There’s also a continuing debate on the political consequences of the relative asymmetry of the two parties’ ideological cohesiveness. Some Democrats look enviously at the superior “discipline” of the GOP now that it has all but merged with the Conservative Movement. And less publicly, some Republicans probably envy Democrats their ability to tolerate some dissent in the ranks, providing the Donkey Party with greater geographical diversity and tactical flexibility.
So when I looked at a new study by Todd Eberly of St. Mary’s College published by Third Way, I didn’t see a lot that surprised me in terms of his analysis of the broader array of ideological perspectives in the Democratic Party. Yes, I would take issue with Eberly’s assumption that ideological self-identification alone is the best measure of the views of people in each party, given the abundant evidence that it is misleading. And yes, I noticed that a lot of Eberly’s argument about the tenuous attachment of “Democratic-leaning independents” to the party was based on data from 2000-2004, not exactly the most typical of periods.
But my main beef with Eberly’s take involves his conclusion:
The real question for Democrats is whether liberal party activists will cede control of the agenda and allow the party to move in the direction of its moderate, non-activist voters.

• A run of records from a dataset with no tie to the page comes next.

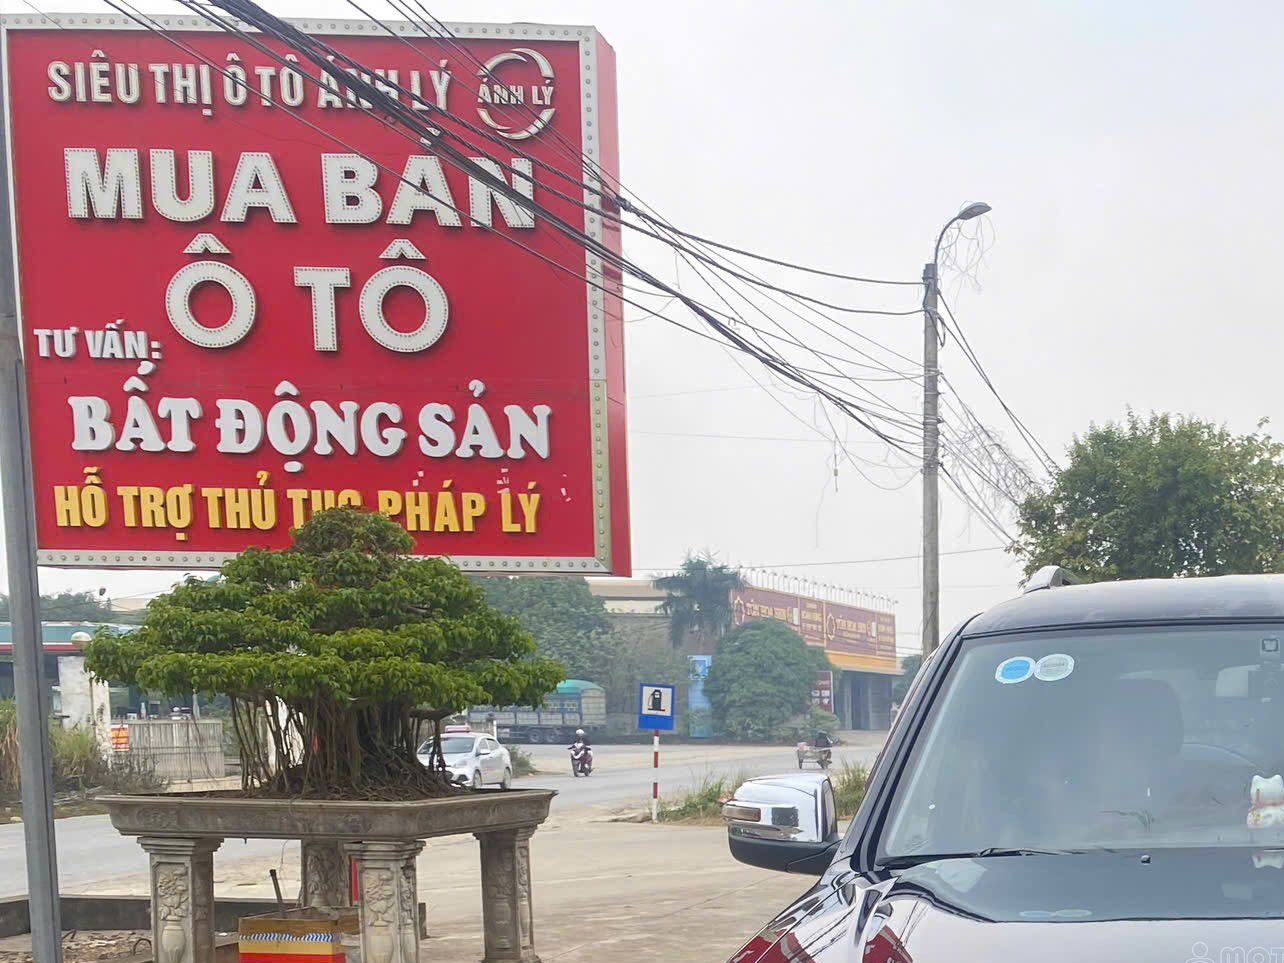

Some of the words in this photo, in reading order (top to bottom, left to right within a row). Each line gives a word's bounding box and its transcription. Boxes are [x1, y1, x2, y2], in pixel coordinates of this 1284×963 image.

[47, 49, 139, 104] SIÊU
[148, 63, 213, 116] THỊ
[222, 53, 249, 107] Ô
[254, 54, 305, 107] TÔ
[410, 59, 453, 112] LÝ
[477, 76, 525, 105] ÁNH
[532, 79, 555, 105] LÝ
[64, 147, 298, 224] MUA
[320, 126, 537, 229] BÁN
[165, 233, 257, 348] Ô
[293, 239, 449, 353] TÔ
[33, 326, 79, 358] TƯ
[84, 319, 162, 359] VẤN:
[67, 360, 203, 453] BẤT
[214, 380, 408, 473] ĐỘNG
[417, 379, 552, 460] SẢN
[53, 467, 107, 528] HỖ
[116, 483, 193, 541] TRỢ
[201, 470, 277, 531] THỦ
[377, 480, 487, 534] PHÁP
[502, 481, 541, 534] LÝ

Do “liberal party activists” control the agenda of the Democratic Party? I don’t think so.
I must have missed the moment when the major Democratic candidates for president in 2008 (or for that matter, 2004) embraced the single-payer approach to universal health coverage that is undoubtedly popular among “liberal party activists.” I also failed to notice newly elected president Barack Obama supporting nationalization of the banks, or a multi-trillion dollar economic stimulus package, or reversal of Bush administration policies on surveillance, at the end of 2008 and the beginning of 2009. Obama sure did go to the mats on behalf of the “public option” on health insurance—in itself considered a major compromise by “liberal party activists”—when the deal when down on health reform, didn’t he? And hey, Democratic congressional leaders most definitely saluted when “liberal party activists” demanded crackdowns on or actual expulsion of Blue Dog Democrats who were voting against major party legislation, didn’t they?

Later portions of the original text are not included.